• [EXERCISE DETAILS]:
When you return the data, keep each character exactly as it appears.

• [EXERCISE INPUTS]:
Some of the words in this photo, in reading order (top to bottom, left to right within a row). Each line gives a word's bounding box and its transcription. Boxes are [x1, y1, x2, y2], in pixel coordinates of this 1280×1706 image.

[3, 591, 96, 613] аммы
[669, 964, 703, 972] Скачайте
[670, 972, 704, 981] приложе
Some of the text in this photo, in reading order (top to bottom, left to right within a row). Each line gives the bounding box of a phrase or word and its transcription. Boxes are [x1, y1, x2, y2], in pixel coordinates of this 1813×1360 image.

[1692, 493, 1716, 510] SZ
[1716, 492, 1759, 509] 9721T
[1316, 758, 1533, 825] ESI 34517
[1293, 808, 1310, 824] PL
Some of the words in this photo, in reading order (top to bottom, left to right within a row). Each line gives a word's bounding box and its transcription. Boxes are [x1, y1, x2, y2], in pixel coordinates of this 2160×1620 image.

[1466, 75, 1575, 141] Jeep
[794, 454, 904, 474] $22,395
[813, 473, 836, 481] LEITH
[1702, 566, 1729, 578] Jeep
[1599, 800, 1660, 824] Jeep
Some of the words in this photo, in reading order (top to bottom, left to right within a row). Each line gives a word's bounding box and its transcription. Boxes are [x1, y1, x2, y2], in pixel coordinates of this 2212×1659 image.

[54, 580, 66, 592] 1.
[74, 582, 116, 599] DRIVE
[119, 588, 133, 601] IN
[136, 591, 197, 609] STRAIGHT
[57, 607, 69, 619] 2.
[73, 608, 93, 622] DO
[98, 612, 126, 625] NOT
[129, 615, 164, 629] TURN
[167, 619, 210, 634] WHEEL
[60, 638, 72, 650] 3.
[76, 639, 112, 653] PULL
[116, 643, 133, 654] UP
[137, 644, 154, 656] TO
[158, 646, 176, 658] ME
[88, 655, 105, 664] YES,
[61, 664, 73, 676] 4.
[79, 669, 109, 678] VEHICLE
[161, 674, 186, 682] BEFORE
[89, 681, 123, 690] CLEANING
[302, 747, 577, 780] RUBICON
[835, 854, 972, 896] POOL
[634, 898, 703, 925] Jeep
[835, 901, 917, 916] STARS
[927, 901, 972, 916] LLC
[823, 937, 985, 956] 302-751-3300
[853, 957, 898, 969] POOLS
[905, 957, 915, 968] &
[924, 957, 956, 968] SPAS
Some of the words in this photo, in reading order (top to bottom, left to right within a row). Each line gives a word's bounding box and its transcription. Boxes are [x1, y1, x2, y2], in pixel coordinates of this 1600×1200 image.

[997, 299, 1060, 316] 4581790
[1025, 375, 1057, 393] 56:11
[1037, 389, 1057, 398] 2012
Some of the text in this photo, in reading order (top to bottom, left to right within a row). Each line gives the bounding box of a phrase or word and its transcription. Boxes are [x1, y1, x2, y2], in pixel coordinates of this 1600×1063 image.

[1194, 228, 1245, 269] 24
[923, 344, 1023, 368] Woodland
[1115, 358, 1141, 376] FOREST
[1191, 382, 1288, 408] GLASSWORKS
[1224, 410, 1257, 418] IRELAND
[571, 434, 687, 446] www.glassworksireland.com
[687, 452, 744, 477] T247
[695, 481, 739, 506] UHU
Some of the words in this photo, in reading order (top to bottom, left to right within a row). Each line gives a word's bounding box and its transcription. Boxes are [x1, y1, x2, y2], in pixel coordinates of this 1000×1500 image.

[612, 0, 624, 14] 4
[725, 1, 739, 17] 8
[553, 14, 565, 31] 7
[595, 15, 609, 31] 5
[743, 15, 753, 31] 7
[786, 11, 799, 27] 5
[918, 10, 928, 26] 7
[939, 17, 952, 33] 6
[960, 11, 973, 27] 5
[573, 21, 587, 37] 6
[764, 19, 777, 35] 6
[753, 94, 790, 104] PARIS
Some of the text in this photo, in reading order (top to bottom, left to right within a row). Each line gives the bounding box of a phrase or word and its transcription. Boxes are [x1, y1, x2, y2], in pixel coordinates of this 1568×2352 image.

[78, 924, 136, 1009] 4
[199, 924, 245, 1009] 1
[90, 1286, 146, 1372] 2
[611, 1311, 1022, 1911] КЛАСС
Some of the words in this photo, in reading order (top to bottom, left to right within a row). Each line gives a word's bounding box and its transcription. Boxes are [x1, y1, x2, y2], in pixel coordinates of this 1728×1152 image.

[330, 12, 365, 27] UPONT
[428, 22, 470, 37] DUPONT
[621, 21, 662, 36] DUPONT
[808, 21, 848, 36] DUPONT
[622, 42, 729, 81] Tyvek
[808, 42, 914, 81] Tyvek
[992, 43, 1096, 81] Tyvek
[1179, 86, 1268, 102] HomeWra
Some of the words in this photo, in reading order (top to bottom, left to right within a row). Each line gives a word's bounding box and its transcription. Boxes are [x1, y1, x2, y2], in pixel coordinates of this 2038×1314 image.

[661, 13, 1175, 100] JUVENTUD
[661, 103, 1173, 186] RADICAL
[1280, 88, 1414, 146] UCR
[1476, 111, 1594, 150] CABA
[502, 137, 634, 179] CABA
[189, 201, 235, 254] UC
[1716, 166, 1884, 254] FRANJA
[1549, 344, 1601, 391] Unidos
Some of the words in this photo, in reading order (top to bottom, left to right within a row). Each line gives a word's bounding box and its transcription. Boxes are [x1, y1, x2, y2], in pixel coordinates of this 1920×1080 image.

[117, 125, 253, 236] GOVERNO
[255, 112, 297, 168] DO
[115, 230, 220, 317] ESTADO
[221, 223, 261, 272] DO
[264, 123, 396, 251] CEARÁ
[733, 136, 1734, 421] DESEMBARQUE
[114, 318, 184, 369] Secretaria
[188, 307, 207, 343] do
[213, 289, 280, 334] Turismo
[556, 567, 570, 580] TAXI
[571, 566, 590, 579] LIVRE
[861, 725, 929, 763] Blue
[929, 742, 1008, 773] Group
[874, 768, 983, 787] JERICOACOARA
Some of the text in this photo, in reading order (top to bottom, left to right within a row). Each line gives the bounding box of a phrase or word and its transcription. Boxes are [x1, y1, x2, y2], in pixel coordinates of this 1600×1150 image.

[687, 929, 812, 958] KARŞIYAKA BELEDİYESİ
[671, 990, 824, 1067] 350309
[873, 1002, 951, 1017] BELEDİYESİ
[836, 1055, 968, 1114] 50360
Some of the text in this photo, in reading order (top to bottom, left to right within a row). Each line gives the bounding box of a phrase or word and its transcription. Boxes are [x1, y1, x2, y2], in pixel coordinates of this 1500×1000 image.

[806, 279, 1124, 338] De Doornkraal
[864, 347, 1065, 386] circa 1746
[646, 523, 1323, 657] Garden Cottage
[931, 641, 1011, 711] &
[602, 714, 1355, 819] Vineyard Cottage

• [ANSWER SPACE]:
Some of the words in this photo, in reading order (top to bottom, left to right within a row). Each line gives a word's bounding box and its transcription. Boxes are [x1, y1, x2, y2], in pixel coordinates of this 1280×1706 image.

[3, 591, 96, 613] аммы
[669, 964, 703, 972] Скачайте
[670, 972, 704, 981] приложе
Some of the text in this photo, in reading order (top to bottom, left to right within a row). Each line gives the bounding box of a phrase or word and its transcription. Boxes are [x1, y1, x2, y2], in pixel coordinates of this 1813×1360 image.

[1692, 493, 1716, 510] SZ
[1716, 492, 1759, 509] 9721T
[1316, 758, 1533, 825] ESI 34517
[1293, 808, 1310, 824] PL
Some of the words in this photo, in reading order (top to bottom, left to right within a row). Each line gives a word's bounding box and its transcription. Boxes are [x1, y1, x2, y2], in pixel coordinates of this 2160×1620 image.

[1466, 75, 1575, 141] Jeep
[794, 454, 904, 474] $22,395
[813, 473, 836, 481] LEITH
[1702, 566, 1729, 578] Jeep
[1599, 800, 1660, 824] Jeep
Some of the words in this photo, in reading order (top to bottom, left to right within a row). Each line gives a word's bounding box and its transcription. Boxes are [x1, y1, x2, y2], in pixel coordinates of this 2212×1659 image.

[54, 580, 66, 592] 1.
[74, 582, 116, 599] DRIVE
[119, 588, 133, 601] IN
[136, 591, 197, 609] STRAIGHT
[57, 607, 69, 619] 2.
[73, 608, 93, 622] DO
[98, 612, 126, 625] NOT
[129, 615, 164, 629] TURN
[167, 619, 210, 634] WHEEL
[60, 638, 72, 650] 3.
[76, 639, 112, 653] PULL
[116, 643, 133, 654] UP
[137, 644, 154, 656] TO
[158, 646, 176, 658] ME
[88, 655, 105, 664] YES,
[61, 664, 73, 676] 4.
[79, 669, 109, 678] VEHICLE
[161, 674, 186, 682] BEFORE
[89, 681, 123, 690] CLEANING
[302, 747, 577, 780] RUBICON
[835, 854, 972, 896] POOL
[634, 898, 703, 925] Jeep
[835, 901, 917, 916] STARS
[927, 901, 972, 916] LLC
[823, 937, 985, 956] 302-751-3300
[853, 957, 898, 969] POOLS
[905, 957, 915, 968] &
[924, 957, 956, 968] SPAS
Some of the words in this photo, in reading order (top to bottom, left to right within a row). Each line gives a word's bounding box and its transcription. Boxes are [x1, y1, x2, y2], in pixel coordinates of this 1600×1200 image.

[997, 299, 1060, 316] 4581790
[1025, 375, 1057, 393] 56:11
[1037, 389, 1057, 398] 2012
Some of the text in this photo, in reading order (top to bottom, left to right within a row). Each line gives the bounding box of a phrase or word and its transcription. Boxes are [x1, y1, x2, y2], in pixel coordinates of this 1600×1063 image.

[1194, 228, 1245, 269] 24
[923, 344, 1023, 368] Woodland
[1115, 358, 1141, 376] FOREST
[1191, 382, 1288, 408] GLASSWORKS
[1224, 410, 1257, 418] IRELAND
[571, 434, 687, 446] www.glassworksireland.com
[687, 452, 744, 477] T247
[695, 481, 739, 506] UHU
Some of the words in this photo, in reading order (top to bottom, left to right within a row). Each line gives a word's bounding box and its transcription. Boxes are [x1, y1, x2, y2], in pixel coordinates of this 1000×1500 image.

[612, 0, 624, 14] 4
[725, 1, 739, 17] 8
[553, 14, 565, 31] 7
[595, 15, 609, 31] 5
[743, 15, 753, 31] 7
[786, 11, 799, 27] 5
[918, 10, 928, 26] 7
[939, 17, 952, 33] 6
[960, 11, 973, 27] 5
[573, 21, 587, 37] 6
[764, 19, 777, 35] 6
[753, 94, 790, 104] PARIS
Some of the text in this photo, in reading order (top to bottom, left to right within a row). Each line gives the bounding box of a phrase or word and its transcription. Boxes are [x1, y1, x2, y2], in pixel coordinates of this 1568×2352 image.

[78, 924, 136, 1009] 4
[199, 924, 245, 1009] 1
[90, 1286, 146, 1372] 2
[611, 1311, 1022, 1911] КЛАСС
Some of the words in this photo, in reading order (top to bottom, left to right within a row). Each line gives a word's bounding box and its transcription. Boxes are [x1, y1, x2, y2], in pixel coordinates of this 1728×1152 image.

[330, 12, 365, 27] UPONT
[428, 22, 470, 37] DUPONT
[621, 21, 662, 36] DUPONT
[808, 21, 848, 36] DUPONT
[622, 42, 729, 81] Tyvek
[808, 42, 914, 81] Tyvek
[992, 43, 1096, 81] Tyvek
[1179, 86, 1268, 102] HomeWra
Some of the words in this photo, in reading order (top to bottom, left to right within a row). Each line gives a word's bounding box and its transcription. Boxes are [x1, y1, x2, y2], in pixel coordinates of this 2038×1314 image.

[661, 13, 1175, 100] JUVENTUD
[661, 103, 1173, 186] RADICAL
[1280, 88, 1414, 146] UCR
[1476, 111, 1594, 150] CABA
[502, 137, 634, 179] CABA
[189, 201, 235, 254] UC
[1716, 166, 1884, 254] FRANJA
[1549, 344, 1601, 391] Unidos
Some of the words in this photo, in reading order (top to bottom, left to right within a row). Each line gives a word's bounding box and its transcription. Boxes are [x1, y1, x2, y2], in pixel coordinates of this 1920×1080 image.

[117, 125, 253, 236] GOVERNO
[255, 112, 297, 168] DO
[115, 230, 220, 317] ESTADO
[221, 223, 261, 272] DO
[264, 123, 396, 251] CEARÁ
[733, 136, 1734, 421] DESEMBARQUE
[114, 318, 184, 369] Secretaria
[188, 307, 207, 343] do
[213, 289, 280, 334] Turismo
[556, 567, 570, 580] TAXI
[571, 566, 590, 579] LIVRE
[861, 725, 929, 763] Blue
[929, 742, 1008, 773] Group
[874, 768, 983, 787] JERICOACOARA
Some of the text in this photo, in reading order (top to bottom, left to right within a row). Each line gives the bounding box of a phrase or word and its transcription. Boxes are [x1, y1, x2, y2], in pixel coordinates of this 1600×1150 image.

[687, 929, 812, 958] KARŞIYAKA BELEDİYESİ
[671, 990, 824, 1067] 350309
[873, 1002, 951, 1017] BELEDİYESİ
[836, 1055, 968, 1114] 50360
Some of the text in this photo, in reading order (top to bottom, left to right within a row). Each line gives the bounding box of a phrase or word and its transcription. Boxes are [x1, y1, x2, y2], in pixel coordinates of this 1500×1000 image.

[806, 279, 1124, 338] De Doornkraal
[864, 347, 1065, 386] circa 1746
[646, 523, 1323, 657] Garden Cottage
[931, 641, 1011, 711] &
[602, 714, 1355, 819] Vineyard Cottage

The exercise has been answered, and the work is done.